Following this initial screening, the remaining 81 articles were further categorised based on predefined inclusion criteria. The literature search results from the two reviewers are detailed in Table 1, which shows the categorisation of articles by relevance, uncertainty and irrelevance, along with post-discussion outcomes. Among these, 56 were subsequently excluded for not meeting the specified criteria. This led to a final selection of 25 articles for an in-depth full-text review. After rigorous scrutiny, nine articles were chosen for comprehensive data analysis and inclusion in the review. The selection process adhered to a high standard of rigour, as demonstrated by a calculated Cohen’s Kappa statistic of 0.91 and a percentage agreement of 95.15% to assess interrater reliability. By employing such stringent selection criteria, the present study ensured that the chosen articles were highly relevant and aligned with the predetermined criteria for inclusion. The outcomes of this review yield valuable insights into the investigated topic and may carry implications for future research in this domain.
Data analysis
The initial phase of the review involved analysing all selected articles using key descriptors, encompassing factors such as publication year, country of origin, academic level, academic discipline, assessment methods, media modalities employed and feedback length. Subsequently, the review delved into identifying emerging themes by meticulously scrutinising the results and discussion sections of the articles. A sample of five articles was conveniently selected for open coding to ensure consistency and alignment with the emerging themes. This approach helped establish a robust foundation for the thematic framework. The constant comparative method (Strauss and Corbin, 1998) was methodically applied as the analysis progressed to code the remaining articles. This methodological choice further solidified the credibility of the thematic categorisation. The focal point of this review centres around three principal themes: enhanced clarity and understanding, heightened engagement and motivation, and precision-oriented skill development. By drawing insights from the analysed articles, the review has shed light on the efficacy of multimodal feedback in enriching students’ learning outcomes and elevating their proficiency in writing skills.
Study characteristics
For this review, studies published between 2013 and 2023 were selected. In total, five studies (n = 5) were conducted in the United States of America, followed by Turkey (n = 1), the United Kingdom (n = 1), Australia (n = 1) and Ecuador (n = 1). Figure 2 illustrates the population of the studies selected for analysis, highlighting the geographical distribution and participant numbers. Three studies were conducted in a blended setting, and the other five were conducted in online learning settings. Students ranging from the first- to fourth-year undergraduate levels were included in the studies, and two studies included students at the postgraduate levels. Participants ranged from 20 to 180, and a diverse range of subjects was included in the study (see Table 2).

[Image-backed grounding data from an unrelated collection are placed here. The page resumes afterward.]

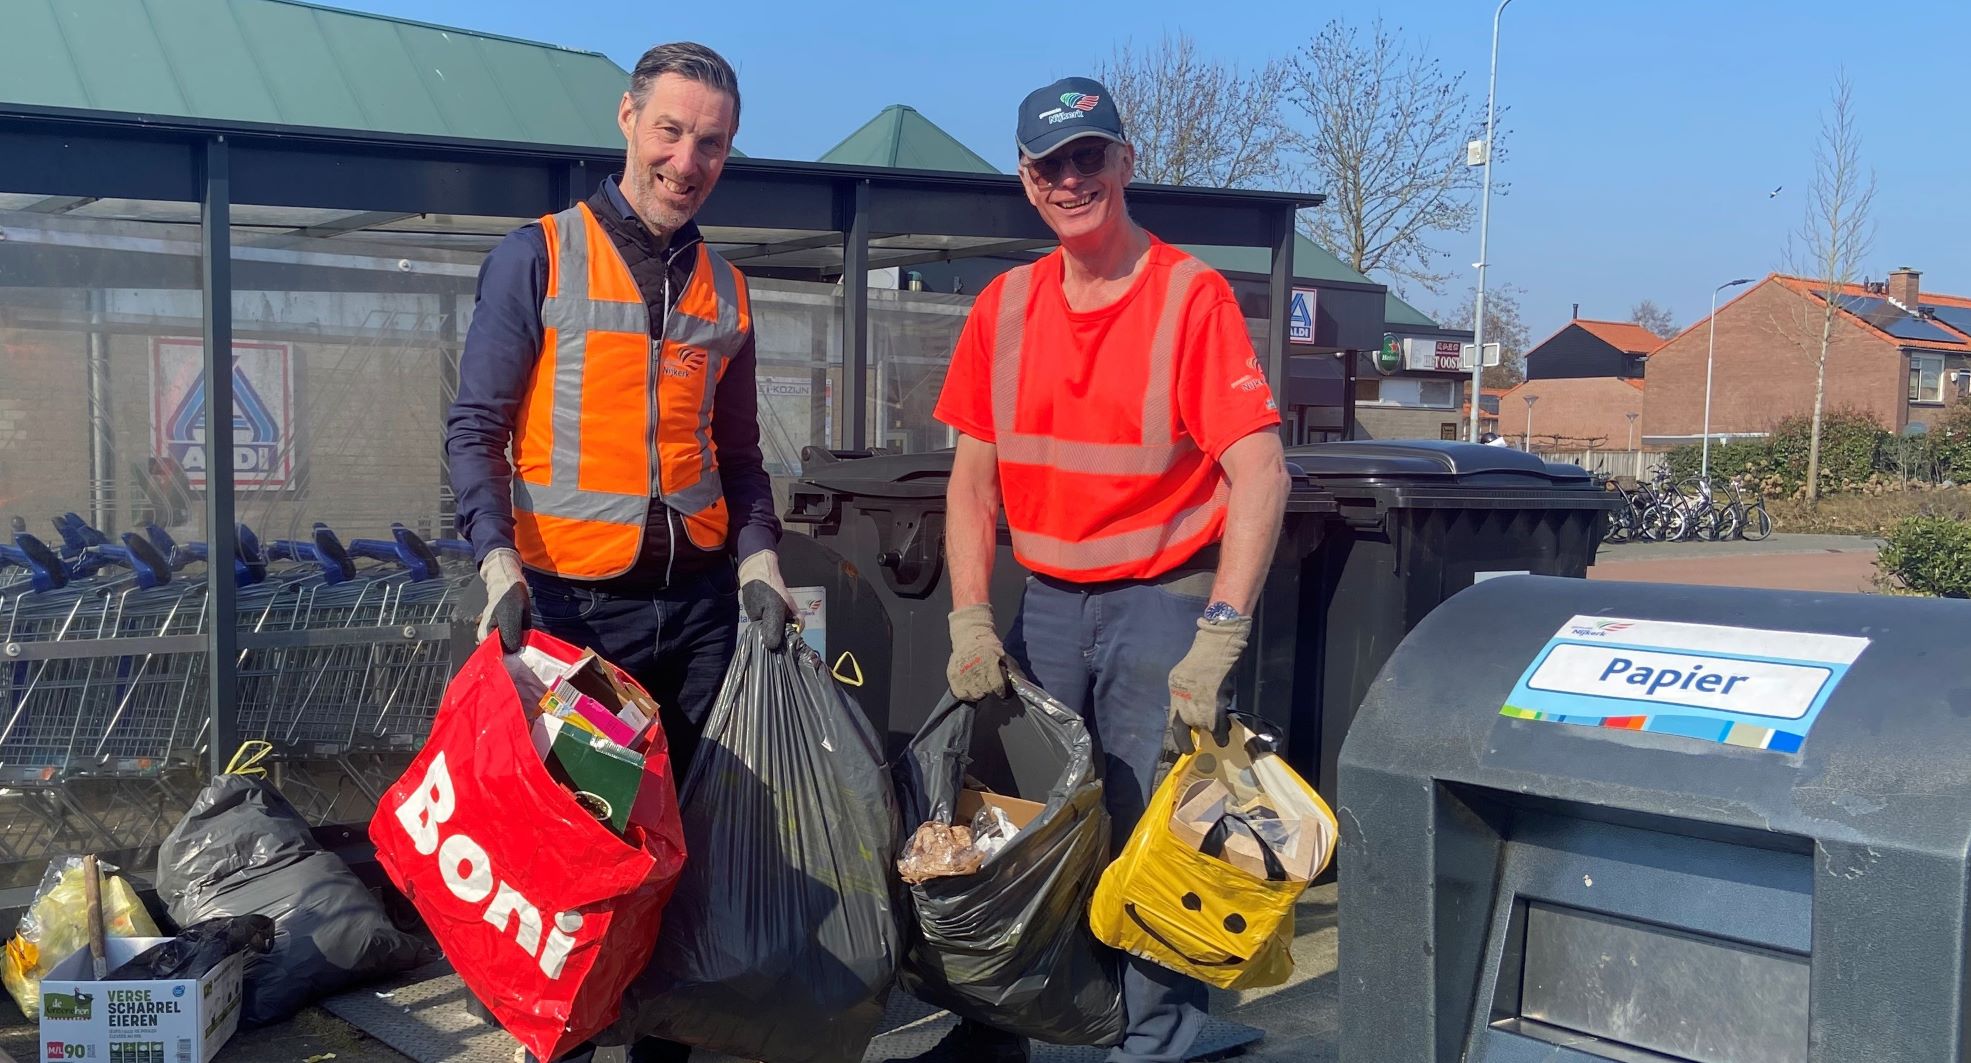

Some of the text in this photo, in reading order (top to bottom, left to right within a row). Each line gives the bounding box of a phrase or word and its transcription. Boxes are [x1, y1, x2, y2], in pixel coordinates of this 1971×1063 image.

[663, 366, 689, 378] Nijkerk
[182, 446, 269, 470] ADI
[1572, 628, 1606, 637] Nijkerk
[1599, 657, 1749, 695] Papier
[395, 750, 583, 980] Boni
[107, 990, 152, 1002] VERSE
[108, 1001, 181, 1014] SCHARREL
[108, 1014, 158, 1027] EIEREN
[64, 1044, 86, 1058] 90

An overview of study interventions
Table 3 reveals distinct comparative patterns among the studies; four studies (n = 4) compared text-only feedback and feedback comprising text and screencast elements. Additionally, two studies compared screencast feedback and text with highlighting (n = 2). One study (n = 1) compared written feedback (WF) and a combination of screencast and WF, while another individual study (n = 1) compared text and video feedback. A singular study (n = 1) adopted the sole utilisation of screencast feedback as its intervention. Delivering feedback through screencasts primarily employed the Jing software programme, which confines screencasts to five minutes (n = 4).
Six studies were analysed in which the instructors provided feedback to participants (Borup et al., 2015; Cavaleri et al., 2019; Cheng and Li, 2020; Huachizaca and Yambay-Armijos, 2023; Lowenthal et al., 2022; Yiğit and Seferoğlu, 2021). One study did not report the researcher’s involvement (Harper et al., 2018), while the remaining two did not involve the researcher in providing feedback (Anson et al., 2016; Grigoryan, 2017).
Results and conclusion
Table 4 illustrates that the primary outcomes of the studies focused on factors that directly or indirectly impacted student learning. Students’ performance on assignments, essay revisions and grades were considered explicit indicators of student learning. In contrast, student satisfaction and motivation were considered implicit indicators of student learning and factors affecting student learning.

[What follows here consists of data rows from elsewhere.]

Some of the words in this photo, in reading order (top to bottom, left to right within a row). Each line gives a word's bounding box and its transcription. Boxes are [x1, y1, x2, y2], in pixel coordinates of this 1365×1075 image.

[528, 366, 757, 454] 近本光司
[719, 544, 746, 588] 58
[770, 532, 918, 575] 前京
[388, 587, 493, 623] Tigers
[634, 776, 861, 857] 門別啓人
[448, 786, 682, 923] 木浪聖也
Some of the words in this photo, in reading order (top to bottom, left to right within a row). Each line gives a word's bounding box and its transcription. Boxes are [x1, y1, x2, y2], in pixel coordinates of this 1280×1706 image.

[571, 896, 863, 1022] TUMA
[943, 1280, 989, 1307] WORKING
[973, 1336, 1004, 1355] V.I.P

Direct evidence of student learning
The impact of feedback modality on student learning in academic writing skills, essay revisions and academic grades was investigated through six studies (Cavaleri et al., 2019; Cheng and Li, 2020; Grigoryan, 2017; Huachizaca and Yambay-Armijos, 2023; Lowenthal et al., 2022; Yiğit and Seferoğlu, 2021). Grigoryan (2017) observed no significant distinctions in revision quantity or type between text feedback and combined text-screencast feedback among a larger group of fifty first-year writing composition students. Conversely, Cavaleri et al. (2019) noted that screencast videos garnered more content-related comments, while Microsoft Word comments predominantly concerned grammar and language usage. Positive improvements were observed in 84% of cases where screencast feedback and minimal marginal comments were used. According to logistic regression analysis, this resulted in 1.59 times higher odds of successful revisions. Interestingly, students with lower English proficiency improved more than their proficient counterparts.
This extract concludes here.